Hours earlier, Russian President Vladimir Putin threatened to halt all supplies if Europe took such a step. read more

The Commission is also seeking to reduce gas prices from other suppliers, such as through coordinated EU negotiations.

2. REVENUE CAP FOR LOW-COST PRODUCERS

The Commission will propose a cap of 200 euros per megawatt hour on the price of electricity generated at low cost from renewables and low carbon sources, according to a draft document seen by Reuters. read more

Von der Leyen said extra revenues made could be channelled by EU countries to support struggling households and businesses.

"It is now time for consumers to benefit from the low costs of low carbon energy sources, like renewables," she said.

3. 'SOLIDARITY CONTRIBUTION' FROM FOSSIL SECTOR FIRMS

The Commission has highlighted the extraordinarily large profits by companies in the oil, gas and coal sectors. EU countries would collect a 'solidarity contribution' to support vulnerable consumers or to accelerate a shift to green energy.

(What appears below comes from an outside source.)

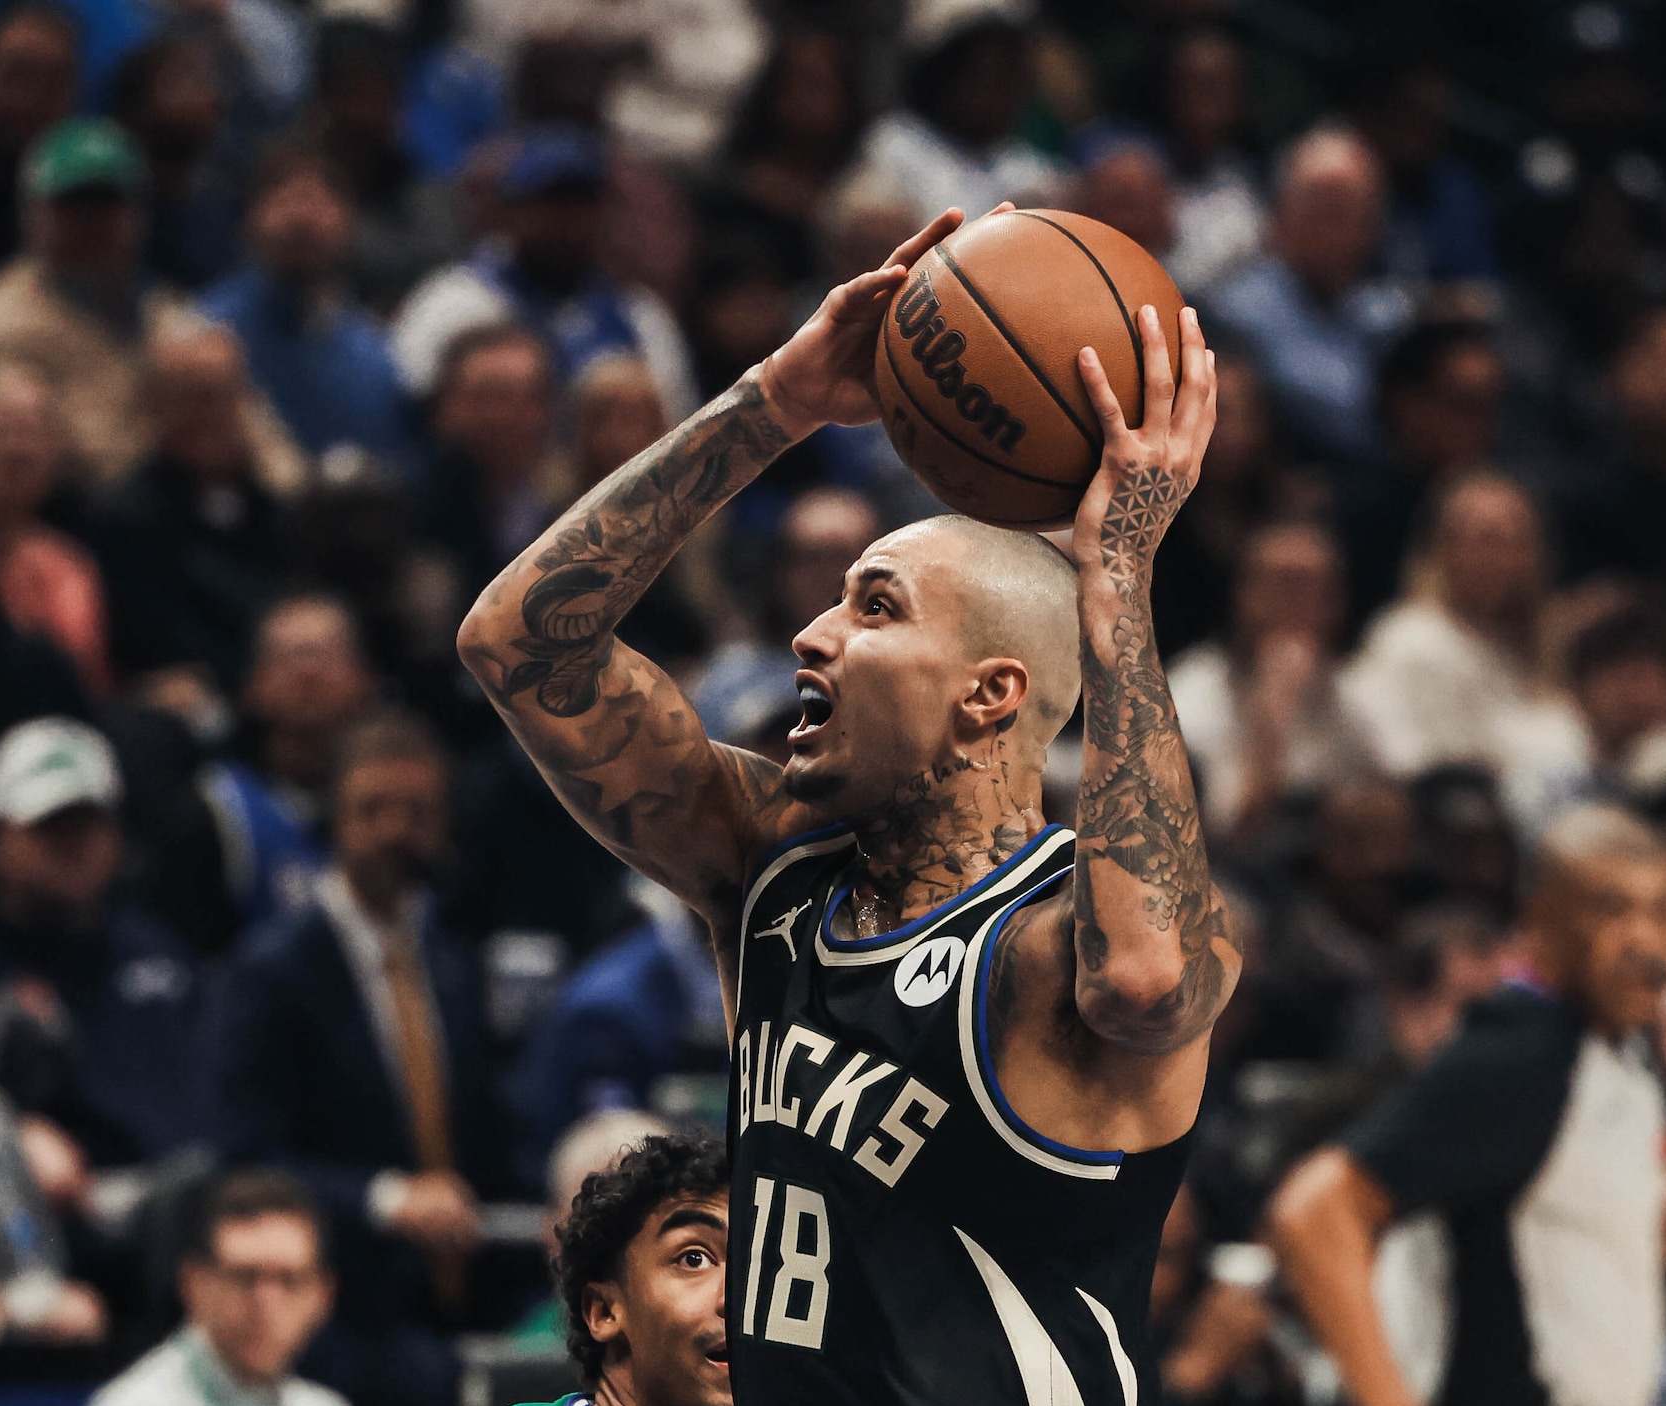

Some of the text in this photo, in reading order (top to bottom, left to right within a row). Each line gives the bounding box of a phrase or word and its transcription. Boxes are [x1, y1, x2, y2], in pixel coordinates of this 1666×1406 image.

[895, 268, 1026, 455] Wilson
[738, 1020, 951, 1189] BUCKS
[741, 1176, 831, 1351] 18

The funds could, for example, help energy-intensive sectors such as fertiliser production.

4. LIQUIDITY FOR UTILITIES

Record-high prices are threatening energy suppliers with possible defaults. The volatility of gas prices has increased risk as a whole for market participants, leading to demands from banks or brokers for higher margins.

Some of the suppliers have sought state guarantees to cover the margin calls and the EU executive wants to allow EU countries to provide them more rapidly.

The Commission plans to discuss with regulators the possibility of accepting a wider range of assets as collateral and with futures exchange operators the possibility of "circuit breakers" to reduce intra-day price volatility.

5. REDUCING DEMAND

The Brussels-based Commission will propose binding targets for EU countries to reduce electricity use during peak hours.

According to a Commission proposal, which has not been made public, EU countries would need to cut electricity use 10% per month compared with the same period in the last five years, and by an extra 5% during peak price periods.

One path during peak demand could be an auction in which consumers submit bids on the financial compensation they would need to cut consumption, this being funded by national budgets.

EU members would also identify means to decrease overall electricity consumption.